◆ **TASK BRIEF**
Wherever a picture appears, leave it out; set down everything else in the records exactly.

◆ **DATA SECTION**

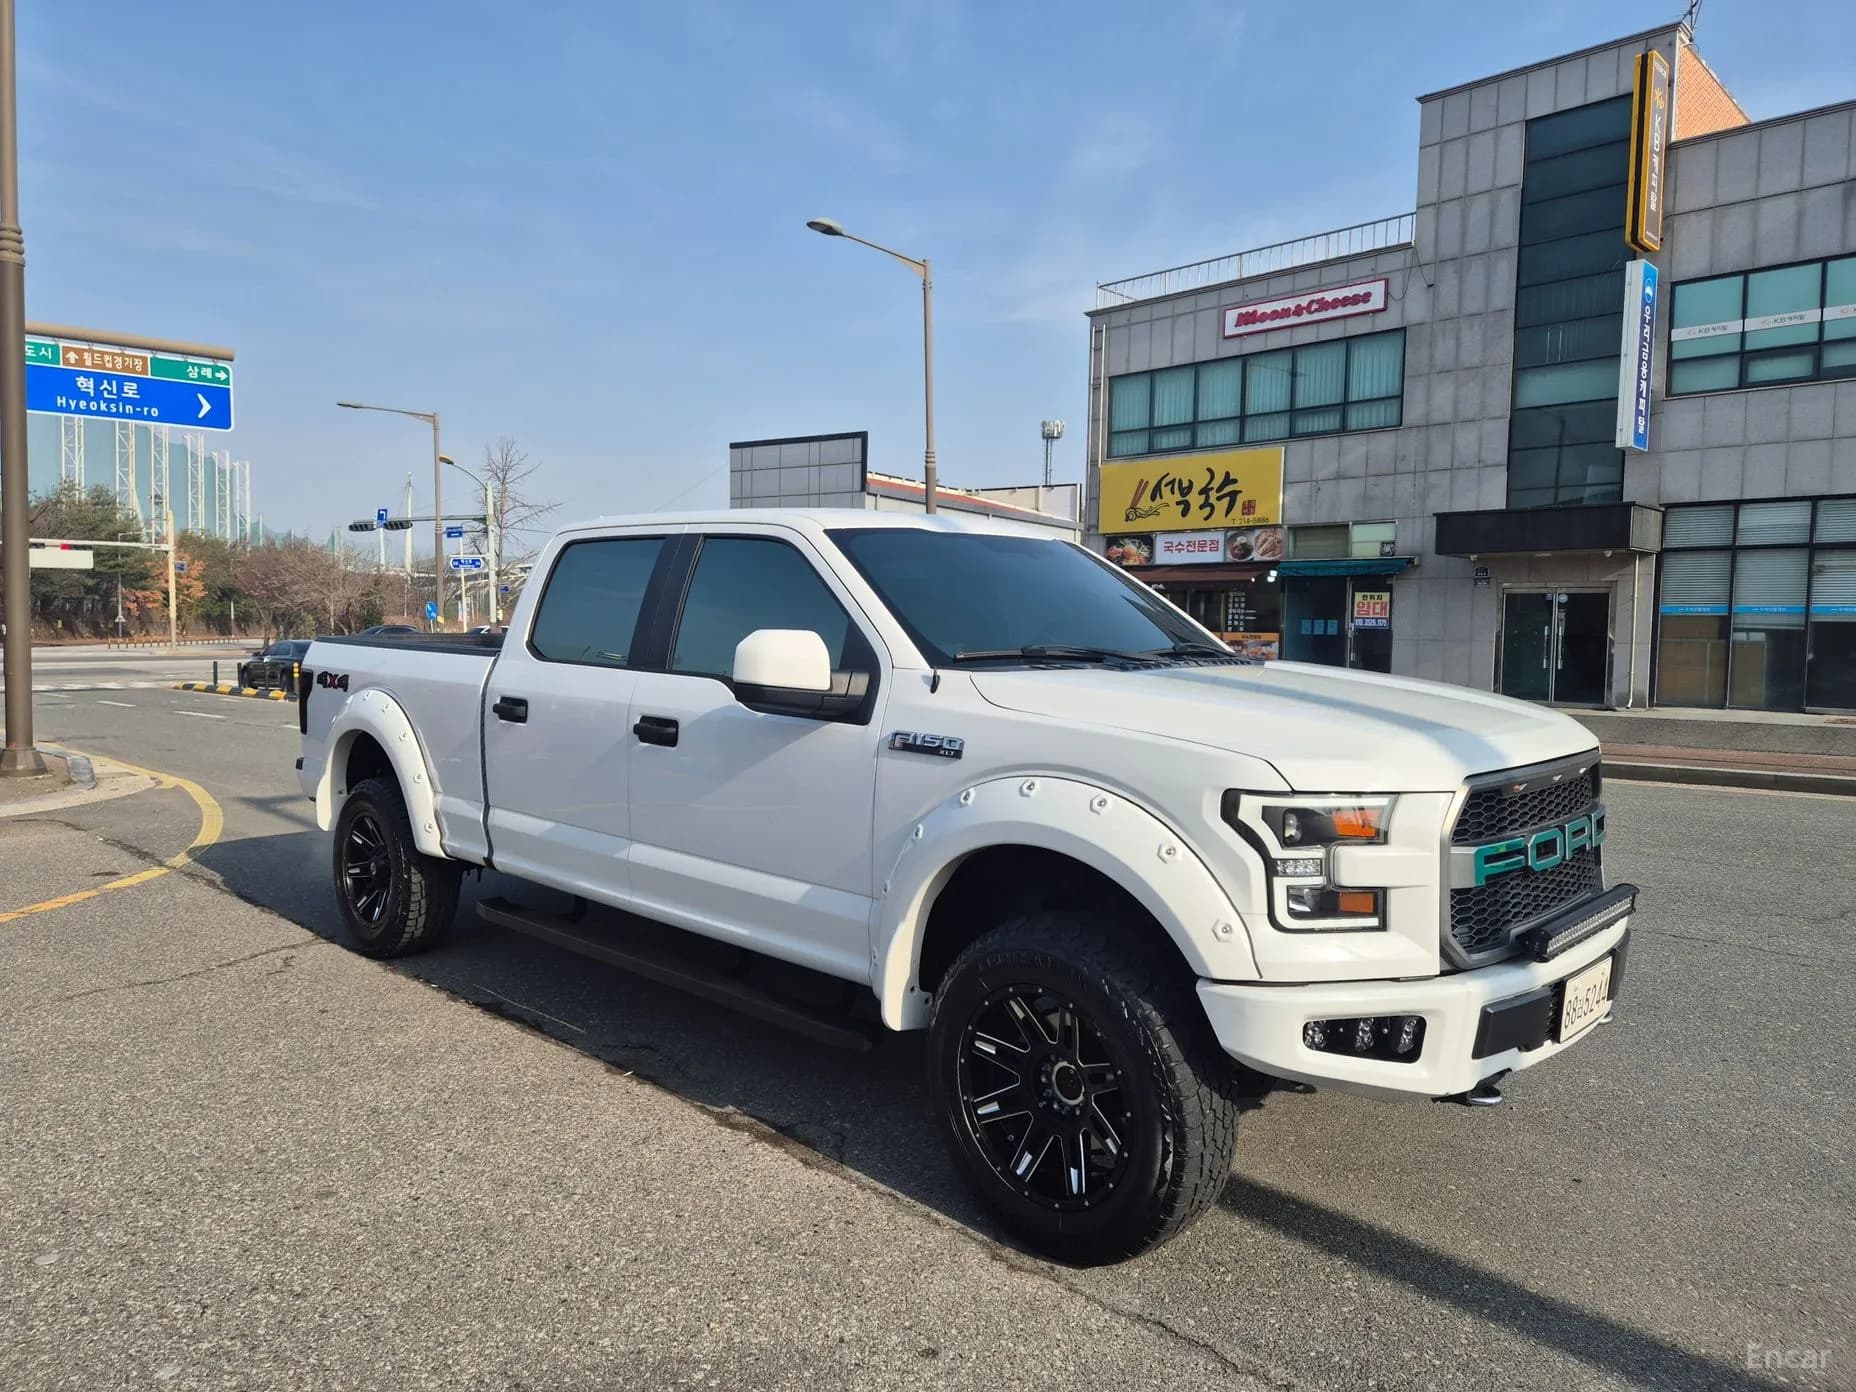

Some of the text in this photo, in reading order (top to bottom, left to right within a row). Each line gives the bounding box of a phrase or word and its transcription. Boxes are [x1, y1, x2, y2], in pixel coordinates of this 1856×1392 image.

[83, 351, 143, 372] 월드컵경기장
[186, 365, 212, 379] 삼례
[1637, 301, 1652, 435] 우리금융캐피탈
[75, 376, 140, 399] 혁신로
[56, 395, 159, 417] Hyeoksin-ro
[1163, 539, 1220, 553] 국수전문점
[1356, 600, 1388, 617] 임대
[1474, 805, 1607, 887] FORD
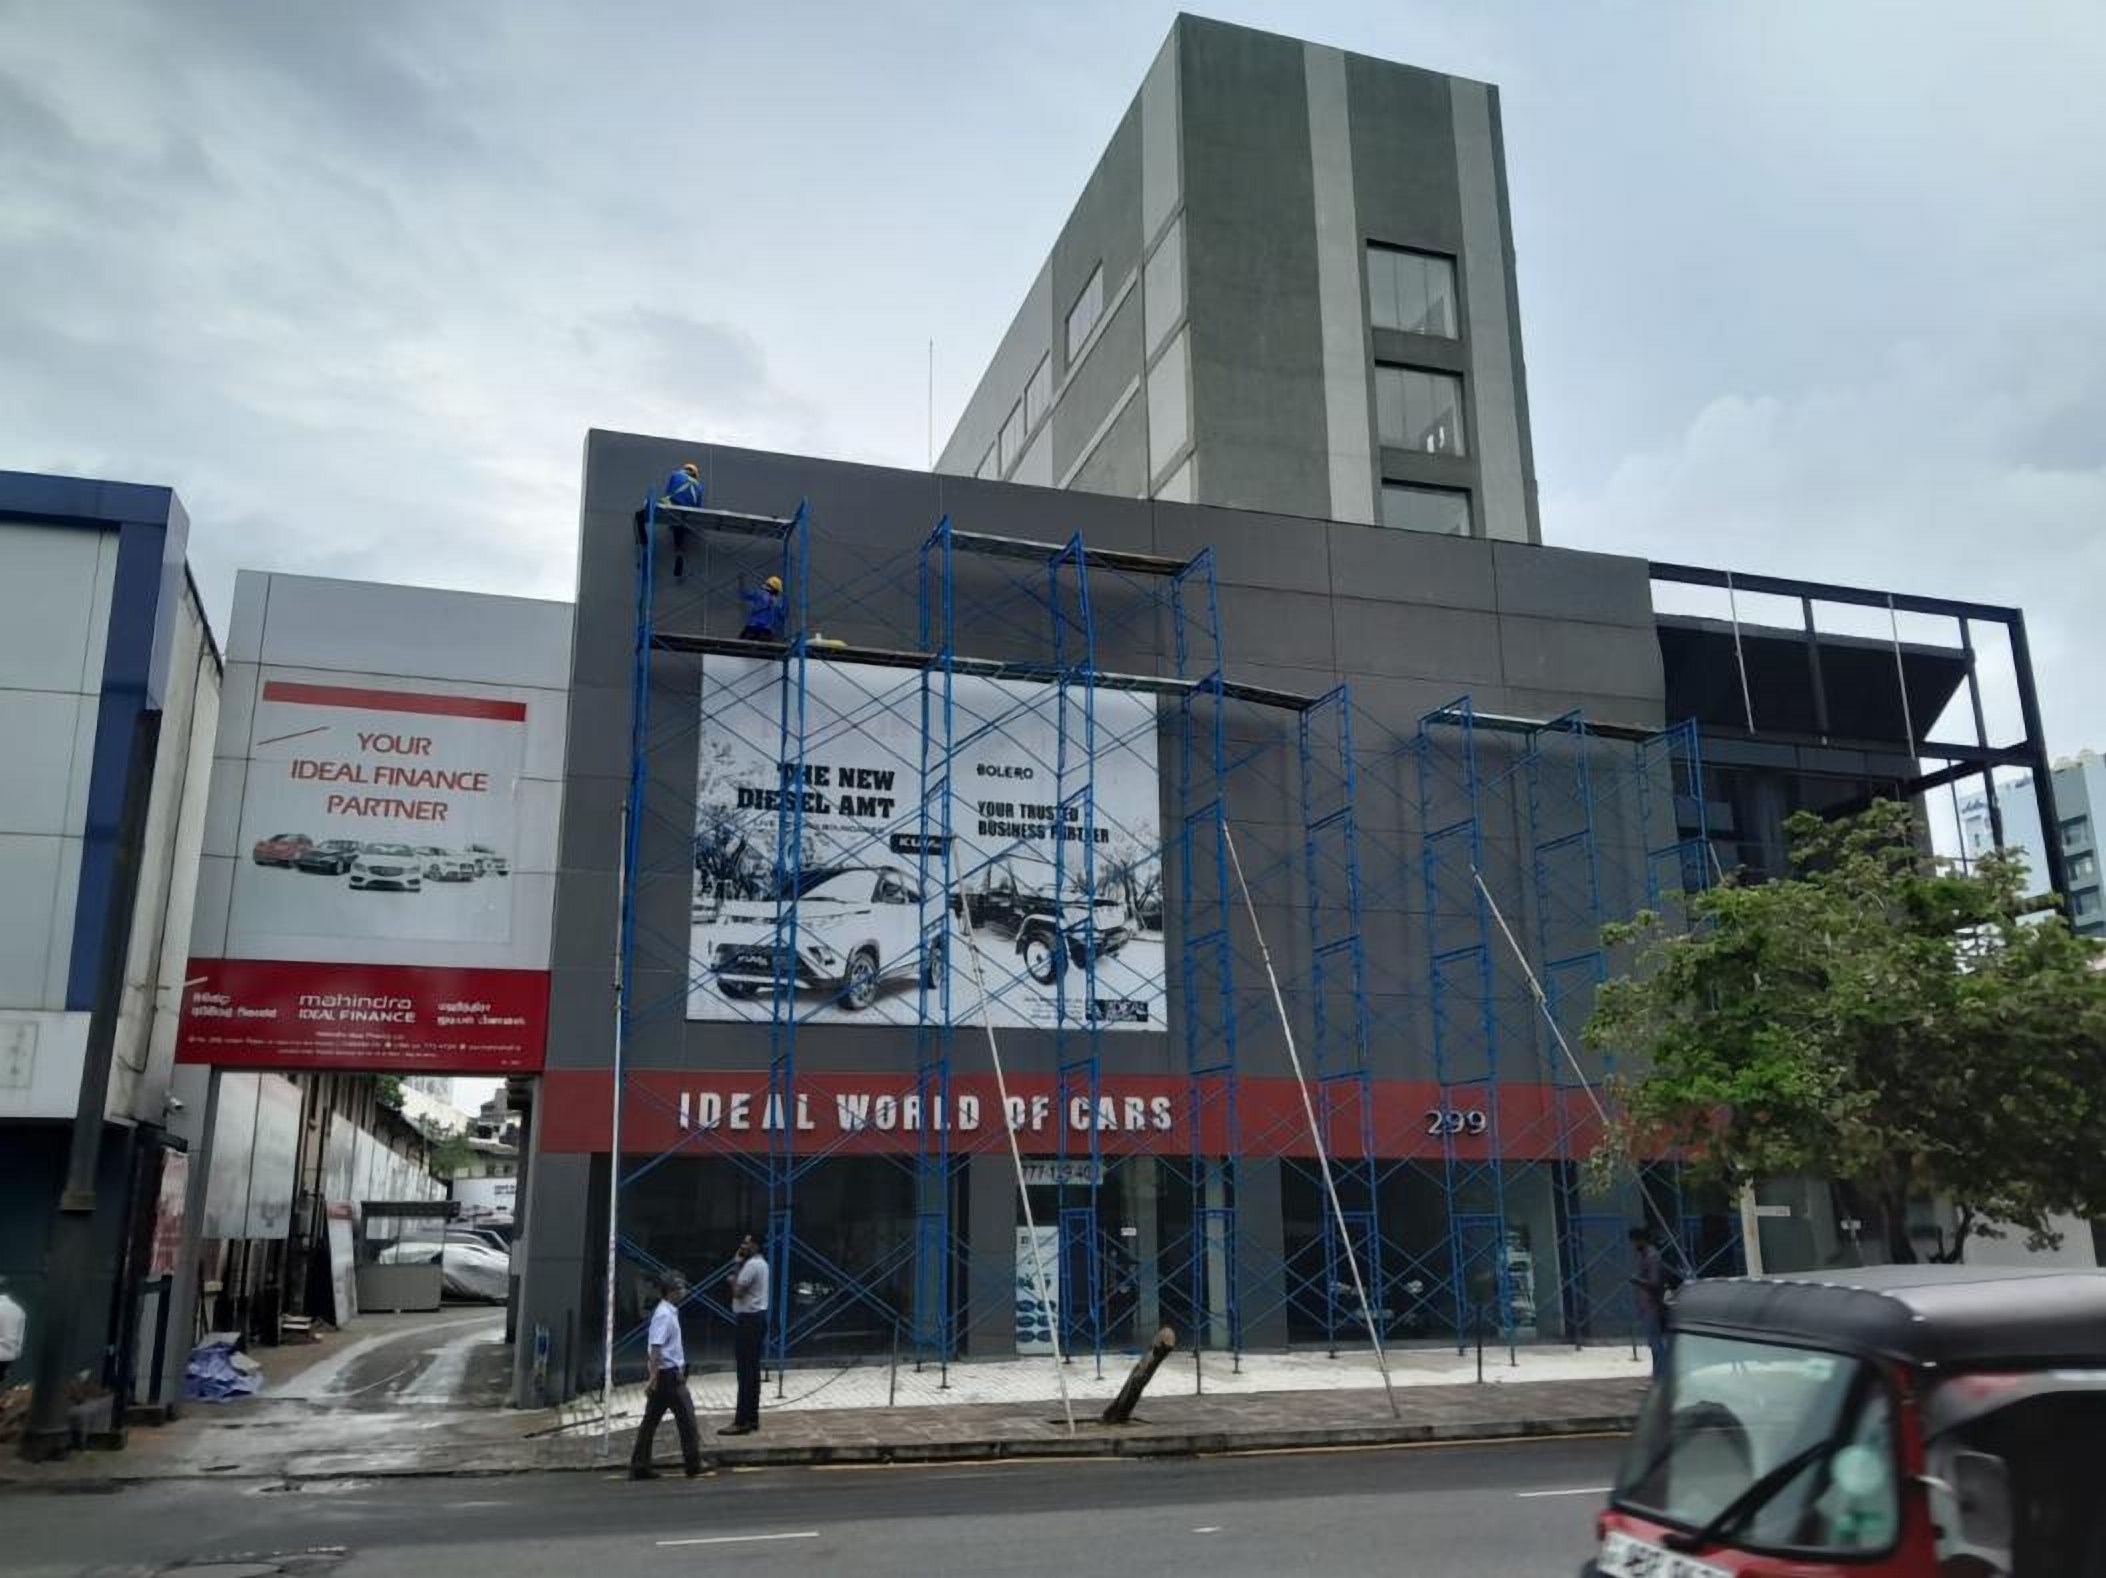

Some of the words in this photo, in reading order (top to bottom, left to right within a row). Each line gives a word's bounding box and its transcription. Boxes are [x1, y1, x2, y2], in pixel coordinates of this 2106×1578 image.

◆ **RESPONSE BOX**
Some of the text in this photo, in reading order (top to bottom, left to right within a row). Each line gives the bounding box of a phrase or word and its transcription. Boxes are [x1, y1, x2, y2], in pixel coordinates of this 1856×1392 image.

[83, 351, 143, 372] 월드컵경기장
[186, 365, 212, 379] 삼례
[1637, 301, 1652, 435] 우리금융캐피탈
[75, 376, 140, 399] 혁신로
[56, 395, 159, 417] Hyeoksin-ro
[1163, 539, 1220, 553] 국수전문점
[1356, 600, 1388, 617] 임대
[1474, 805, 1607, 887] FORD

Some of the words in this photo, in reading order (top to bottom, left to right within a row). Each line gives a word's bounding box and its transcription. Boxes are [x1, y1, x2, y2], in pixel coordinates of this 2106×1578 image.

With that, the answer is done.